L’alfabeto greco e la comparsa delle vocali

L’alfabeto greco mostra chiari segni di derivazione da quello fenicio; la sua nascita si può datare intorno al 750 a.C.; la Grecia aveva conosciuto, più anticamente, un’altra forma di scrittura, la lineare B dei micenei; venuta poi in contatto con l’alfabeto fenicio, col il tempo lo adattò alla propria lingua e fonetica, aggiungendovi le vocali. In effetti, l’alfabeto greco è il primo alfabeto in cui compaiono le vocali, indispensabili per le lingue indoeuropee. Le vocali furono create a partire da quattro consonanti dell’alfabeto fenicio (Aleph, He, Iod, Ajin) che nella lingua greca non servivano; nacquero così A, E, I, O; per il suono U si ricorse ad una lettera dell’alfabeto semitico, Waw. L’alfabeto fenicio aveva un nome per ciascuna lettera, un nome che corrispondeva ad una parola che cominciava con il suono rappresentato dalla lettera. Ad esempio, Aleph (Alfa) significava ‘bue’; Beth (Beta) significava ‘casa’. Passando al greco questa corrispondenza venne persa: i nomi delle lettere non avevano un corrispettivo lessicale, indicavano semplicemente la lettera. I greci conservarono i nomi di queste lettere e il loro ordine (detto “ordine levantino”).

Una delle prime e più importanti attestazioni dell’alfabeto greco è un’iscrizione che si trova sulla Coppa di Nestore, un reperto archeologico del 725 a.C. L’iscrizione è in versi e rappresenta il più antico esempio di poesia in scrittura contemporanea. Altre iscrizioni dell’VIII secolo sono antiche epigrafi, liste dei vincitori dei Giochi, firme di artisti sui vasi.

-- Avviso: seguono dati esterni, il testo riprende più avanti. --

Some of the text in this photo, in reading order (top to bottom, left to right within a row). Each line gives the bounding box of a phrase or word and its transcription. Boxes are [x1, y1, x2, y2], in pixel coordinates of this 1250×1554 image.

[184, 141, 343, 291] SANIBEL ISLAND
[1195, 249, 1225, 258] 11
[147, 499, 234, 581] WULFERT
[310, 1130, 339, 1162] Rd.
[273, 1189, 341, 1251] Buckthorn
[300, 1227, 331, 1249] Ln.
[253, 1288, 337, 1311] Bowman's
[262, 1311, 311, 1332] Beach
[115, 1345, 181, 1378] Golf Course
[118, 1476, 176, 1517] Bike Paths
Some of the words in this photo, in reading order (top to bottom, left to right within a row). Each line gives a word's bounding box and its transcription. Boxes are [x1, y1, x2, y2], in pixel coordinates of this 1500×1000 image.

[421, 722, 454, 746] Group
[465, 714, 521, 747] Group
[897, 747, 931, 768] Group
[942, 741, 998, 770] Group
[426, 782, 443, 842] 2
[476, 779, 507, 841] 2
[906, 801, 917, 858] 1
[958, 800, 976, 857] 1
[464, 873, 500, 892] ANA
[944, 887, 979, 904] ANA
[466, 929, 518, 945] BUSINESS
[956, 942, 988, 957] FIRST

La coppa di Nestore; Museo di Villa Arbusto, Lacco Ameno, Ischia

I testi più antichi conservarono la direzione da destra a sinistra, tipica della scrittura fenicia; successivamente ci fu un periodo di incertezza: a volte il testo aveva andamento bustrofedico,a volte da destra a sinistra, o da sinistra a destra; infine prevalse l’uso di scrivere da sinistra a destra.

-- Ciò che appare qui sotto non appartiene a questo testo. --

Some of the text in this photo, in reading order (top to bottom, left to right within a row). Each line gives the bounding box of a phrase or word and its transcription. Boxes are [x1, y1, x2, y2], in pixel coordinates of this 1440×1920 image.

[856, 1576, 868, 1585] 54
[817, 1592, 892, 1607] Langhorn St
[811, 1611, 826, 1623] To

L’alfabeto greco si diffuse ampiamente tra la popolazione, perché era facile da imparare. Lettura e scrittura divennero attività accessibili a tutti, non solo a pochi adepti, come era successo in passato per scritture come il cuneiforme o geroglifico. La scrittura ha accompagnato la civiltà greca e ne ha testimoniato e favorito lo sviluppo sia politico sia culturale. Le leggi e gli atti, scritti con questo nuovo alfabeto, furono accessibili  a tutti: una scrittura democratica per un governo democratico. Inoltre l’alfabeto greco, con la stesura scritta dei poemi omerici, permise lo sviluppo della grande letteratura occidentale.

Per adattarsi alle varietà dialettali della lingua, si svilupparono presto diversi tipi di alfabeto a seconda delle aree geografiche. Questi alfabeti locali, detti varianti epicorie, si indicano con tre diversi colori: il gruppo verde (cretese), il gruppo blu (attico, ionico e corinzio) e il gruppo rosso (occidentale).

La variante ionica (gruppo blu) divenne obbligatoria a partire dal 403 a.C., quando, con l’editto di Archino, fu proclamata la variante ufficiale ateniese.

Il gruppo rosso, quello occidentale, comprende anche l‘alfabeto cumano, da cui ebbe origine in seguito l’alfabeto etrusco, e poi quello latino.

Invece l’alfabeto greco antico, attraverso la mediazione dell’impero bizantino, divenne la base su cui si sviluppò l’alfabeto cirillico.

Le lettere maiuscole dell’alfabeto greco moderno sono perlopiù identiche a quelle della variante ionica; le lettere minuscole, invece,  si svilupparono dalla scrittura corsiva bizantina, a partire dall’800 d.C.

Manoscritto del X secolo con scrittura greca minuscola.

 

Fonti:

Storia della scrittura, Cecilia Canepa.
http://it.wikipedia.org/wiki/Storia_dell%27alfabeto_greco
http://www.omniglot.com/writing/greek.htm

Questo articolo fa parte della serie dedicata alla Storia della scrittura.

Immagini: Wikimedia Commons

3 thoughts on “L’alfabeto greco e la comparsa delle vocali

  1. La lineare B (decifrata) è la scrittura dei Micenei, mentre la lineare A (oggi purtroppo ancora indecifrata) è invece la scrittura dei Minoici.

  2. @cicciolino: Hai proprio ragione, mi ero confusa! Grazie di avermi fatto notare lo sbaglio, ora ho corretto.